The Middle/Upper School Library • BIRMINGHAM
During the Birmingham Project renovation, the library has been temporarily relocated to the Dance Room. We appreciate your patience while the new library (rendering above) is constructed and encourage everyone to continue to honor the space given the challenges that may arise with a site under construction. The significant expansion of the new library will increase the collection by fivefold, include three small group breakout rooms, a digital classroom and academic collaboration areas.

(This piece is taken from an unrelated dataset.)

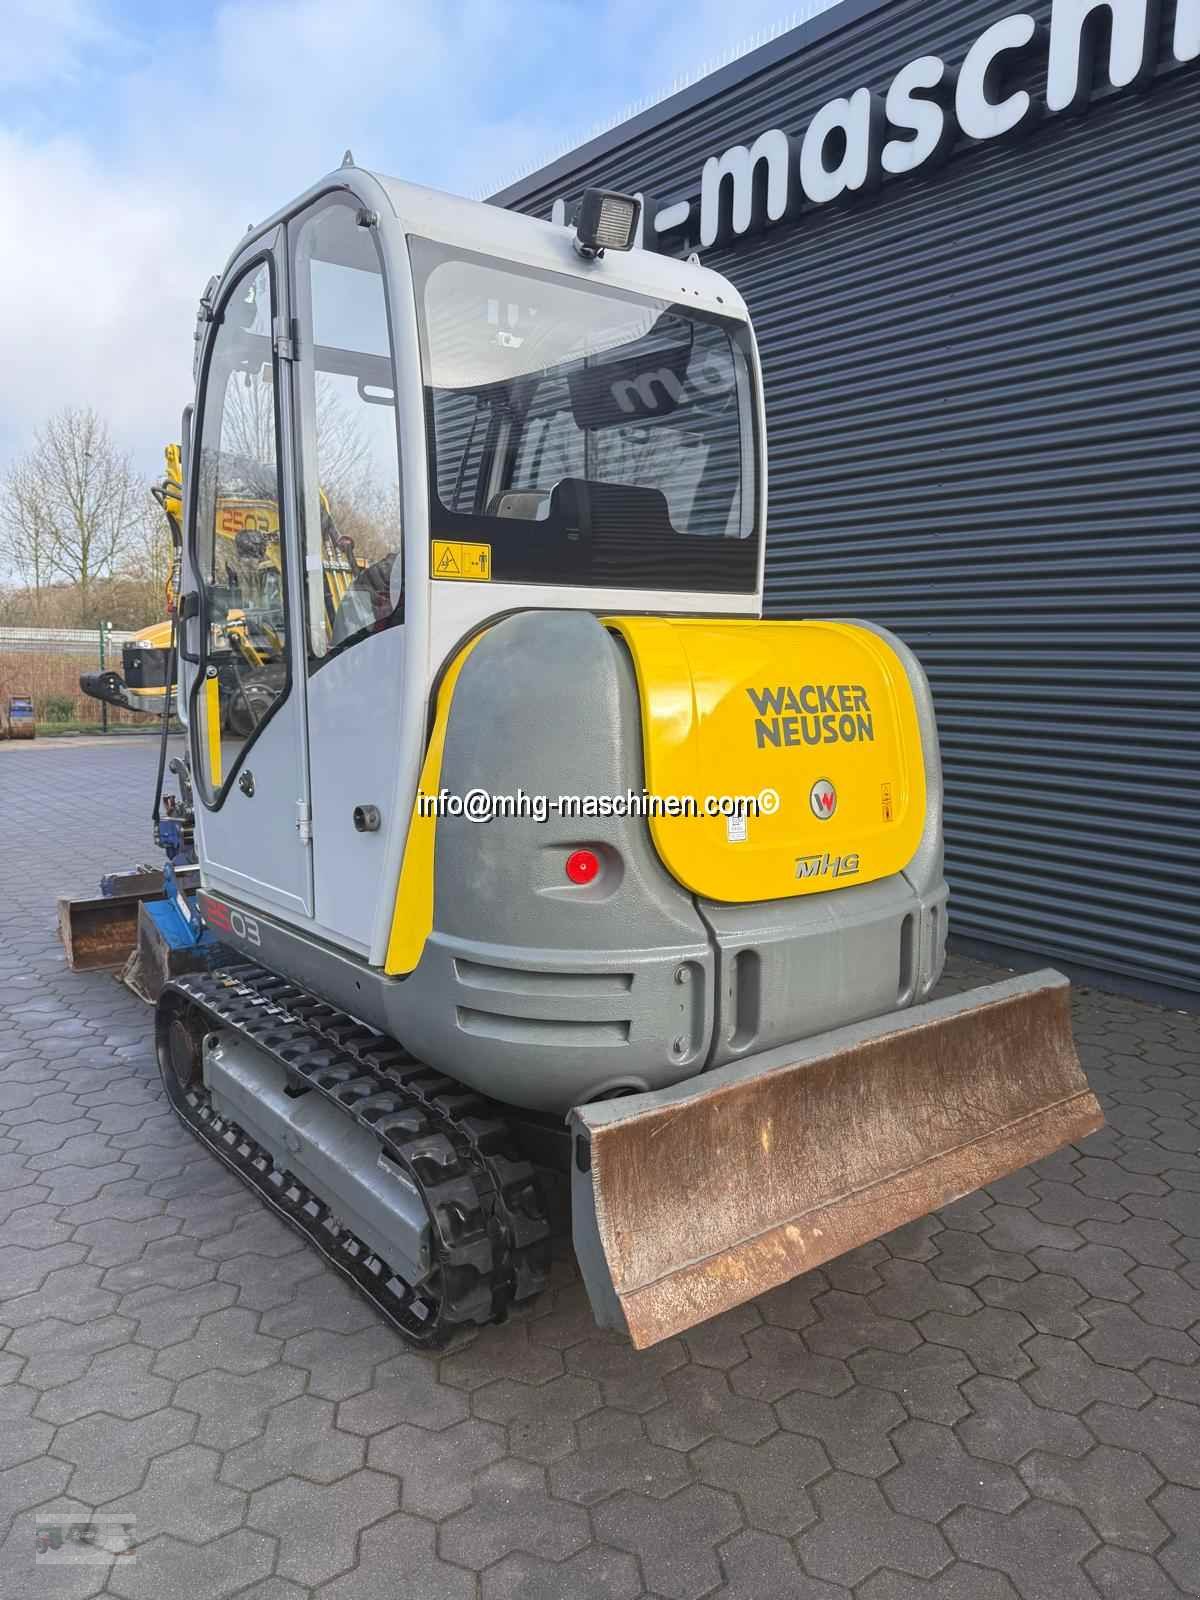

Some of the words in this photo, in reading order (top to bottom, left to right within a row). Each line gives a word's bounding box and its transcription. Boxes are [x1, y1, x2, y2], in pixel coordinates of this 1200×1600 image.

[746, 685, 872, 715] WACKER
[755, 713, 874, 748] NEUSON
[795, 853, 859, 879] MHG

The Middle/Upper School Library is a place, a program and a portal. To support the philosophy, mission and practices of Roeper, the library provides a welcoming environment for Birmingham campus students, teachers, and parents to:
- Pursue academic and personal interests
- Engage with diverse ideas and information in a variety of formats
- Work collaboratively to solve problems for the greater good
- Develop knowledge and skills necessary for success in the 21st century
- Cultivate a lifelong love of learning and reading
The physical library space is a place students can count on to facilitate and support their individual and collaborative academic work. Here are some guidelines designed to create and sustain a library environment that serves the community well:
- During the academic day (from opening to 3:15 p.m.) the primary purpose of the library is: research, study, reading, working, and reflecting.
- Group work is encouraged and expected in the main part of the library.
- The Quiet Room is for silent individual study, whenever the library is open.
- Computer resources during the academic day are reserved for research, writing, and other academic endeavors.
- After the class day has ended, the library’s computer resources are available for recreational use. However, academic work takes priority after school as well.
- Students have the freedom to choose the library as a place to come work, either individually or with peers; and the responsibility to be mindful of the needs of other library users.
The Library's collection includes: reference books, fiction, non-fiction, some course textbooks, and both popular and scholarly magazines. Through the Michigan Electronic Library, a host of databases suitable for academic work and other digital resources are available via library computers. The librarian is available to work with students and faculty, coaching research skills development and teaching information literacy strategies.